Each line below must be set down exactly; omit any image you find.
·····
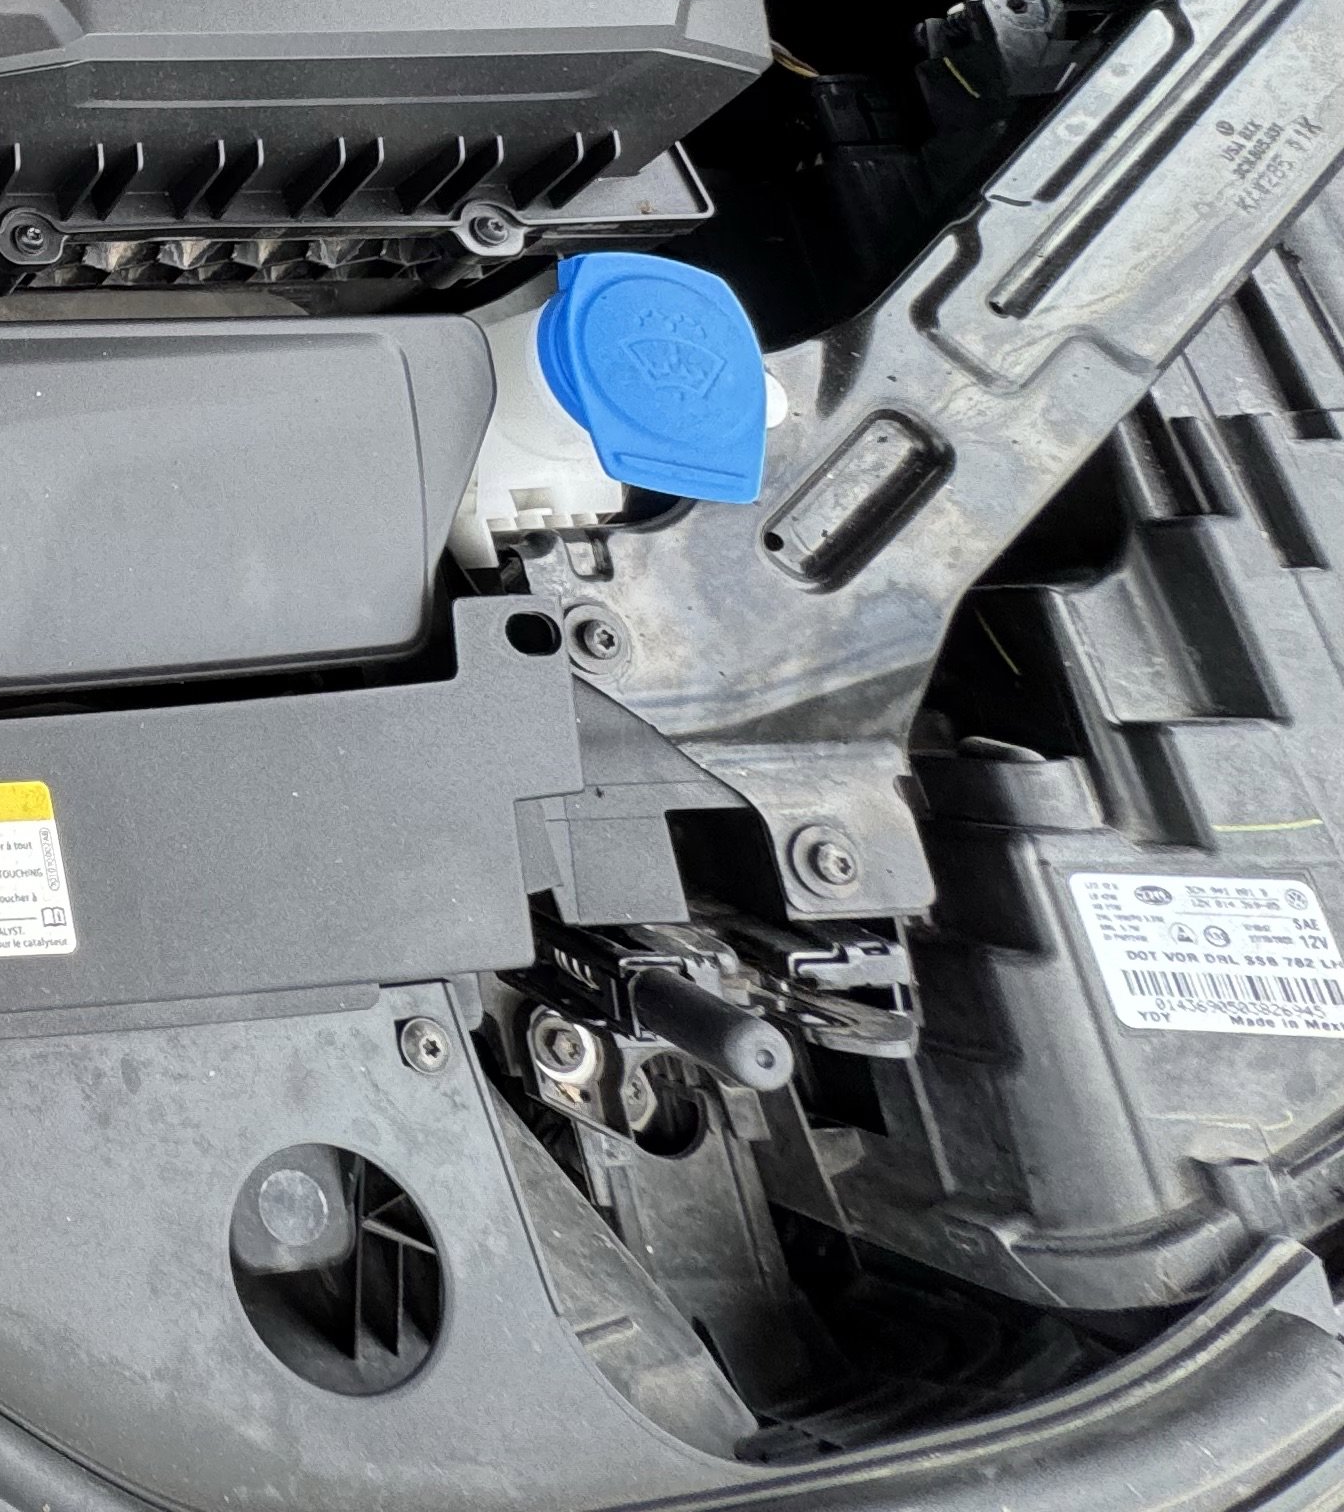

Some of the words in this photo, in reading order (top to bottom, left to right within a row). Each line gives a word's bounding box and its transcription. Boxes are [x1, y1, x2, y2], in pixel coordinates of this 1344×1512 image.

[14, 842, 33, 850] tout
[1292, 918, 1320, 931] SAE
[1299, 935, 1329, 950] 12V
[1126, 951, 1158, 962] DOT
[1165, 952, 1199, 963] VOR
[1204, 954, 1239, 966] DRL
[1283, 957, 1315, 969] 782
[1229, 1015, 1275, 1029] Made
[1281, 1018, 1299, 1029] in
[1304, 1019, 1344, 1033] Mexi
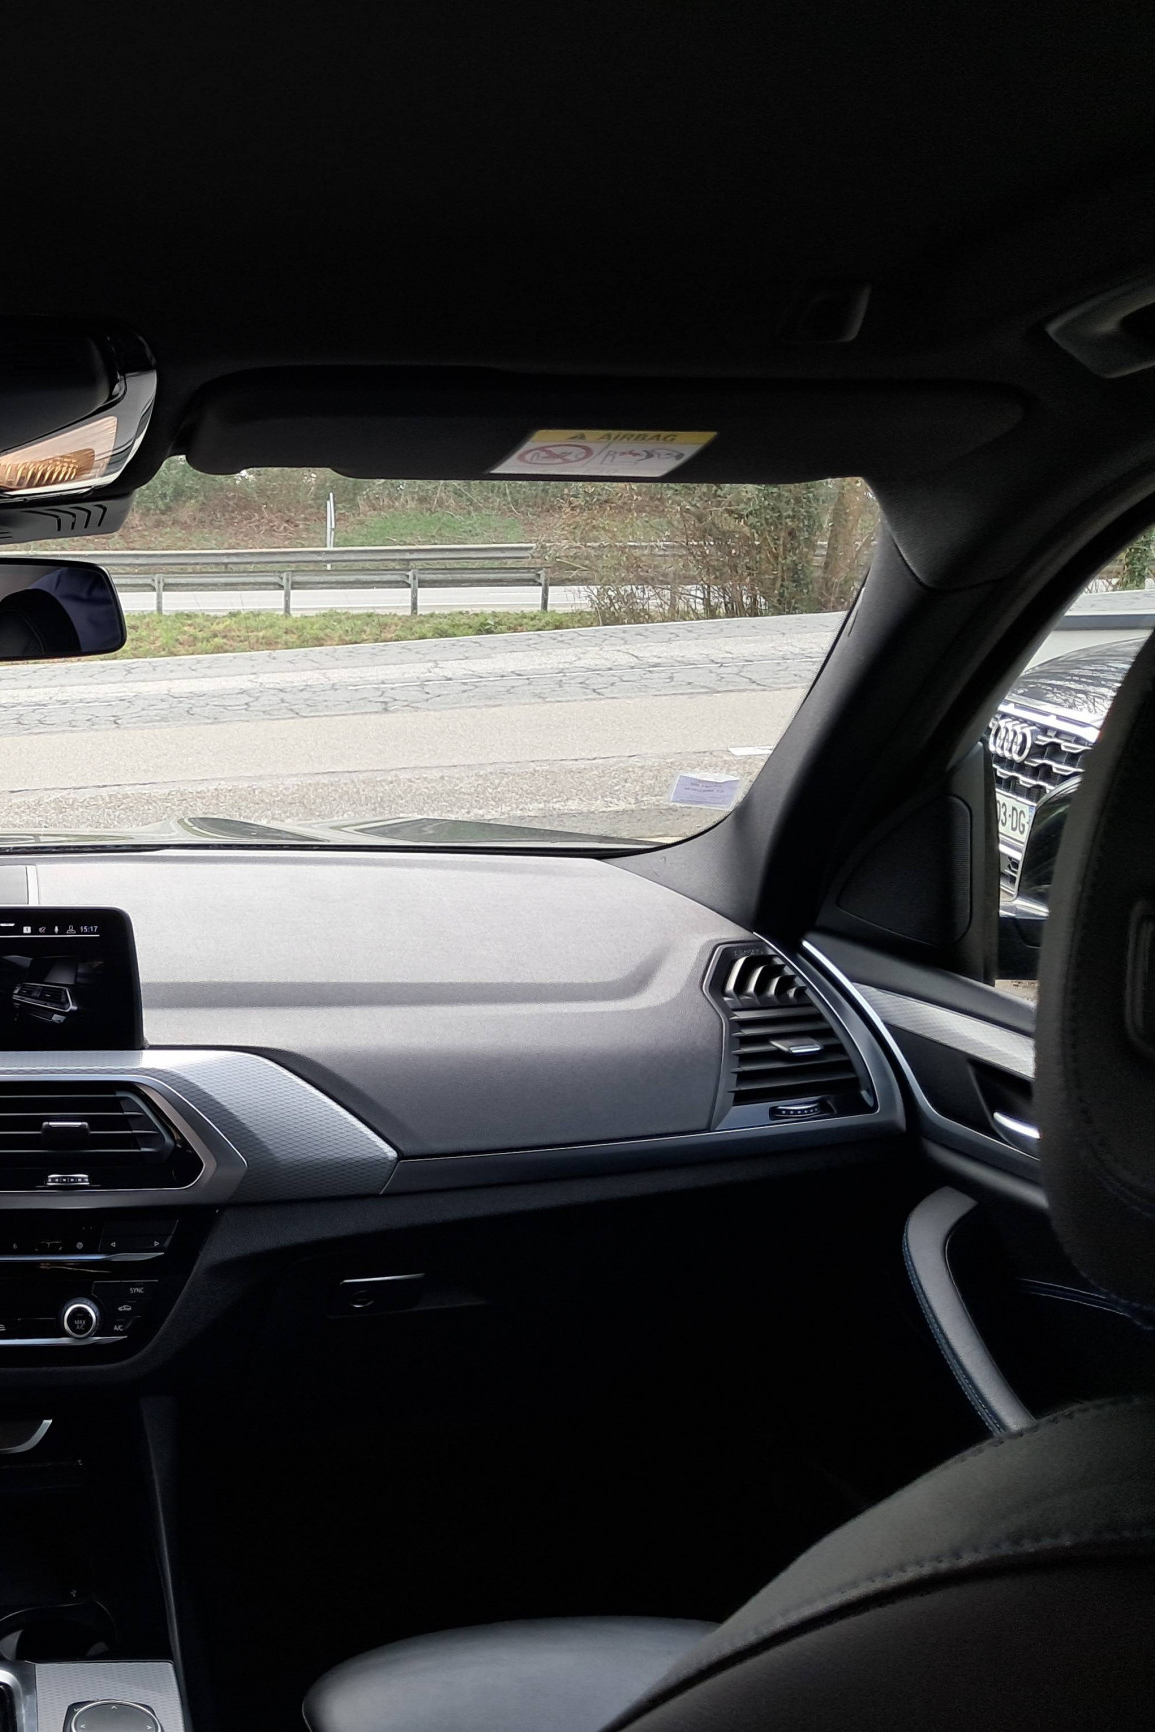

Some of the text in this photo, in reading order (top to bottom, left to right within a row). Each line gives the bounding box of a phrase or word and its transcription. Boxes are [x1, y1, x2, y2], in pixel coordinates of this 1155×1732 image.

[598, 433, 678, 442] AIRBAG
[79, 925, 99, 933] 15:17
[129, 1286, 145, 1294] SYNC
·····
▶ _Completed exercise_
Some of the words in this photo, in reading order (top to bottom, left to right within a row). Each line gives a word's bounding box and its transcription. Boxes are [x1, y1, x2, y2], in pixel coordinates of this 1344×1512 image.

[14, 842, 33, 850] tout
[1292, 918, 1320, 931] SAE
[1299, 935, 1329, 950] 12V
[1126, 951, 1158, 962] DOT
[1165, 952, 1199, 963] VOR
[1204, 954, 1239, 966] DRL
[1283, 957, 1315, 969] 782
[1229, 1015, 1275, 1029] Made
[1281, 1018, 1299, 1029] in
[1304, 1019, 1344, 1033] Mexi

Some of the text in this photo, in reading order (top to bottom, left to right within a row). Each line gives the bounding box of a phrase or word and its transcription. Boxes are [x1, y1, x2, y2], in pixel coordinates of this 1155×1732 image.

[598, 433, 678, 442] AIRBAG
[79, 925, 99, 933] 15:17
[129, 1286, 145, 1294] SYNC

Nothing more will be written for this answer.